Sorong,Honaipapua.com, -Dewan Adat Suku Moi Maya Kabupaten Sorong menegaskan bahwa aksi pemalangan yang dilakukan di areal Balai Penegakan Hukum (Gakkum) bukan karena tindakan emosional, tetapi sebagai bentuk penegakan kebenaran adat dan keadilan bagi masyarakat adat.

Kepala Distrik Salawati Selatan yang juga menjabat sebagai Ketua Dewan Adat Suku Moi Maya mengatakan, pihaknya telah memberikan kesempatan kepada pihak Gakkum untuk menanggapi peringatan yang disampaikan melalui pemasangan ikat kain merah adat.
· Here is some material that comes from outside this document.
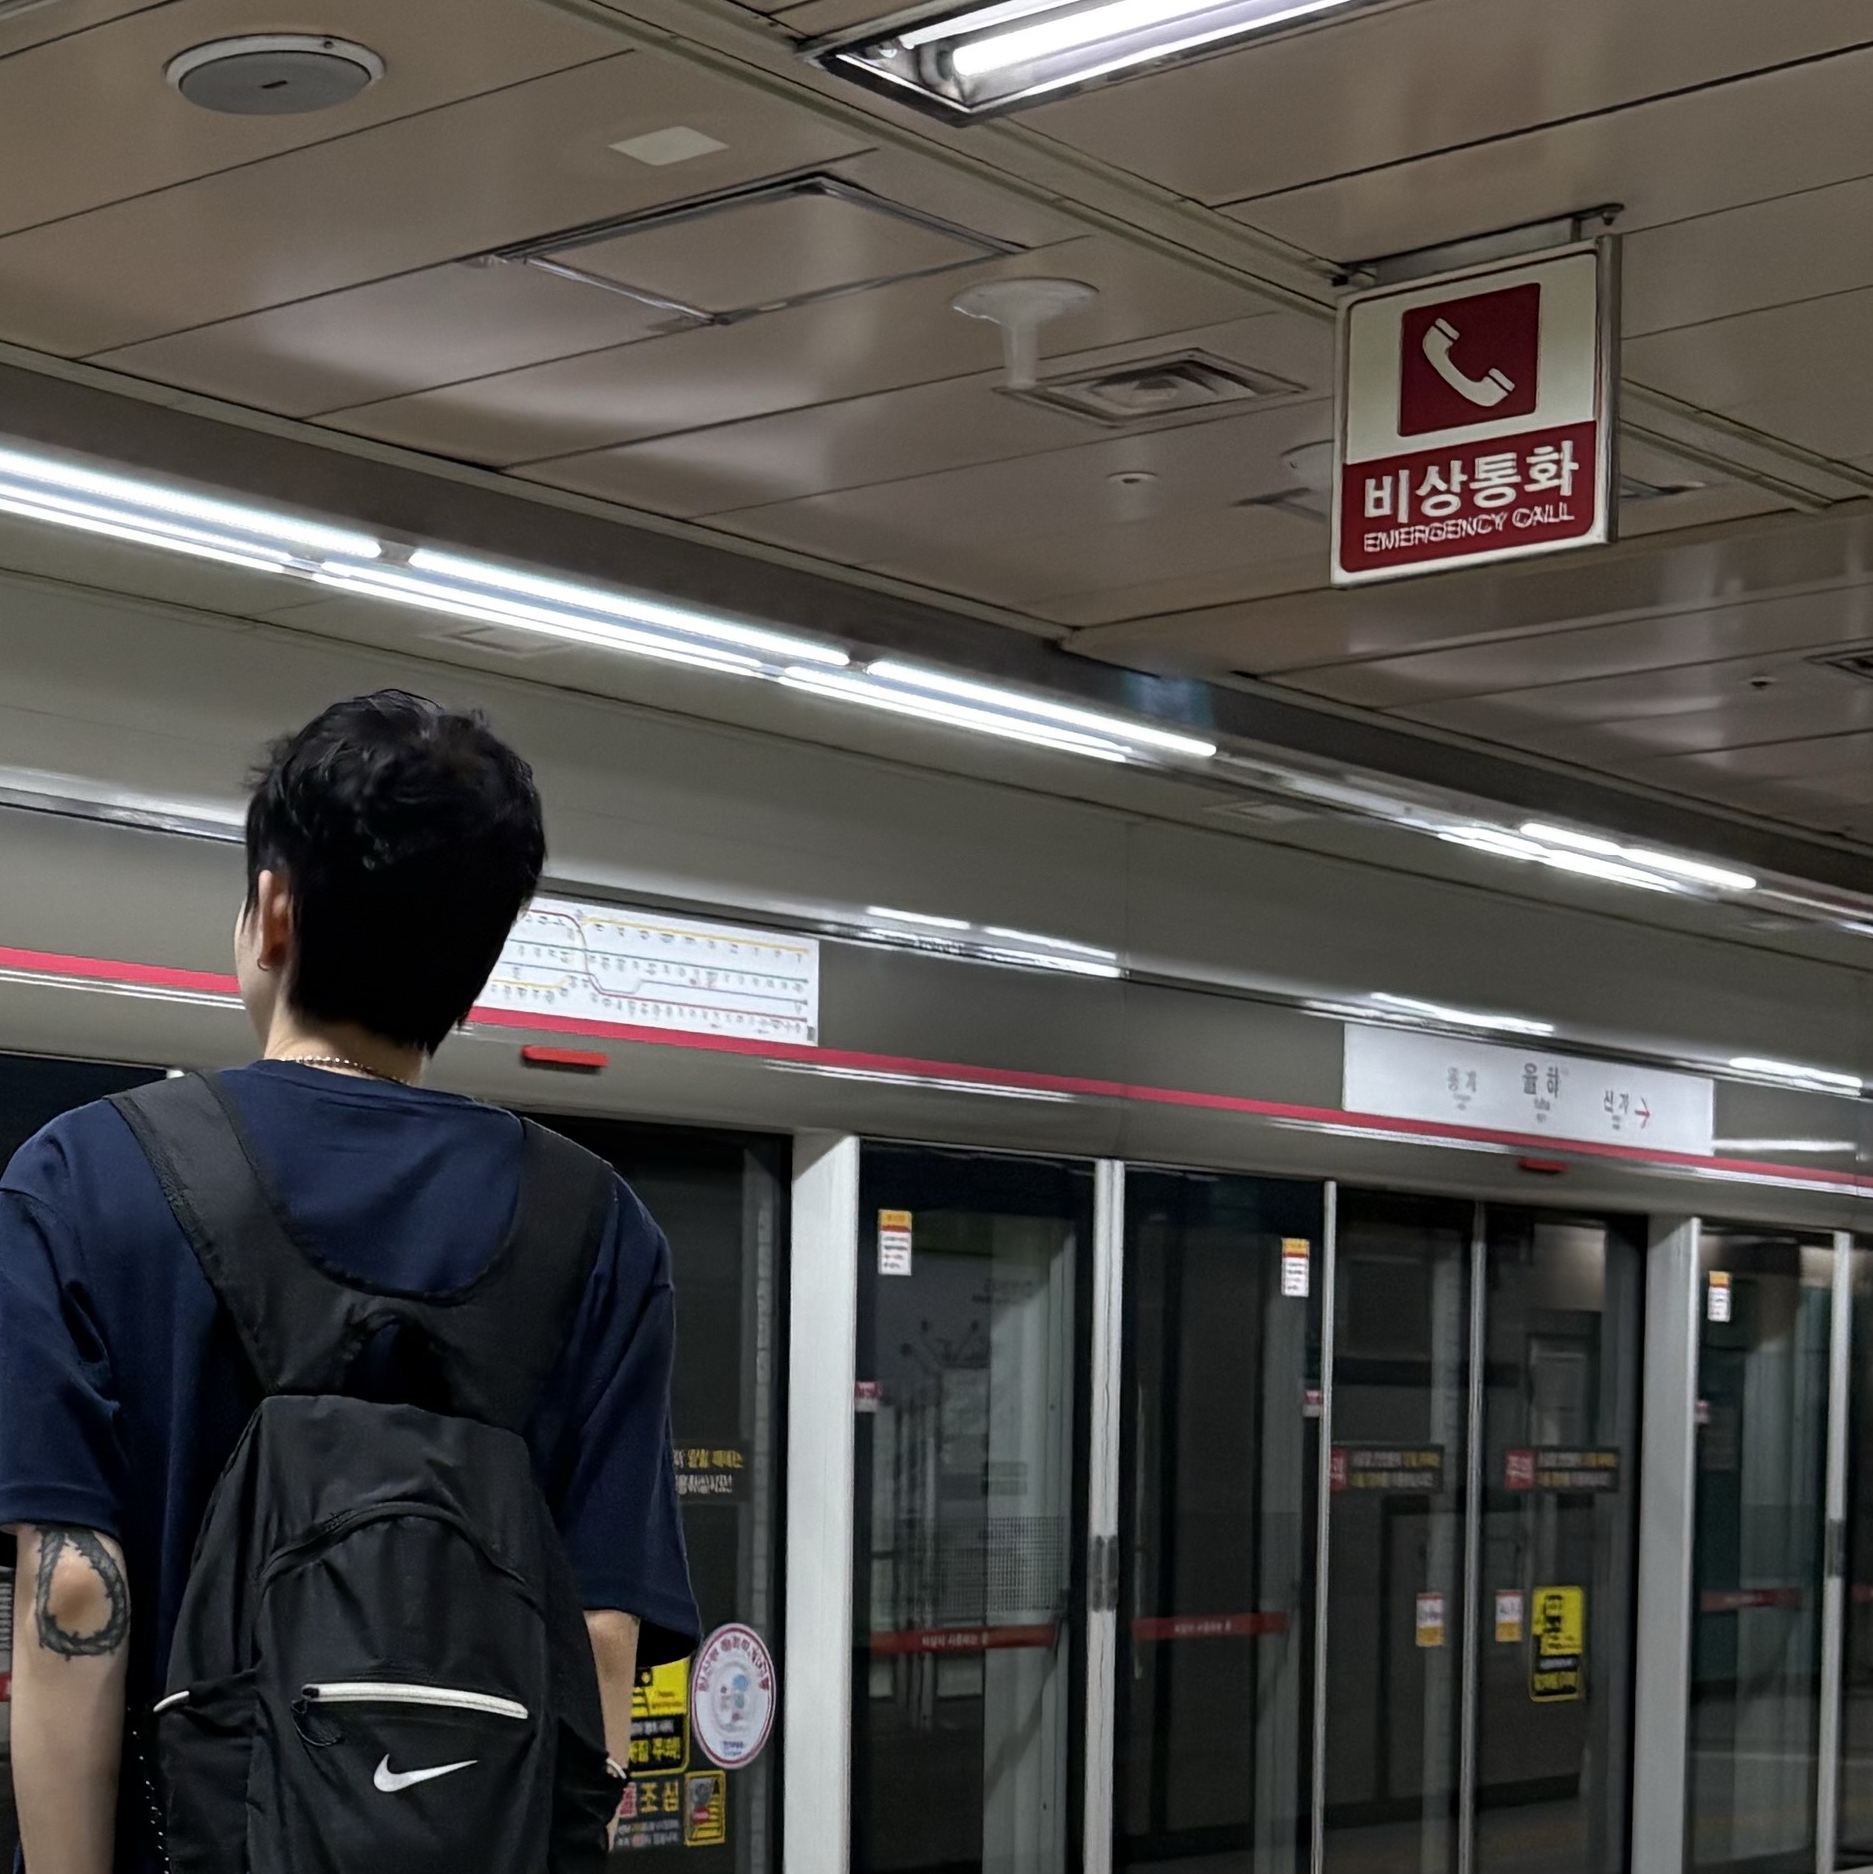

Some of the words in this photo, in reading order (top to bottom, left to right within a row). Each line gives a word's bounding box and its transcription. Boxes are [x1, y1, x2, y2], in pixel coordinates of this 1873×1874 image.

“Kami beri waktu sejak pemasangan kain merah itu sebagai tanda peringatan untuk Gakkum. Hari Jumat (31/10/2025), kami tunggu sampai pukul 20.30 WIT malam, tapi tidak ada satu pun dari pihak Gakkum yang datang untuk bertanya. Karena itu, kami lakukan pemasangan kain merah adat sebagai simbol bahwa kami kecewa,” ujarnya.

Ia menegaskan, Dewan Adat Moi Maya tidak akan membuka palang sebelum Presiden Prabowo Subianto turun langsung ke Sorong untuk mendengar aspirasi masyarakat adat.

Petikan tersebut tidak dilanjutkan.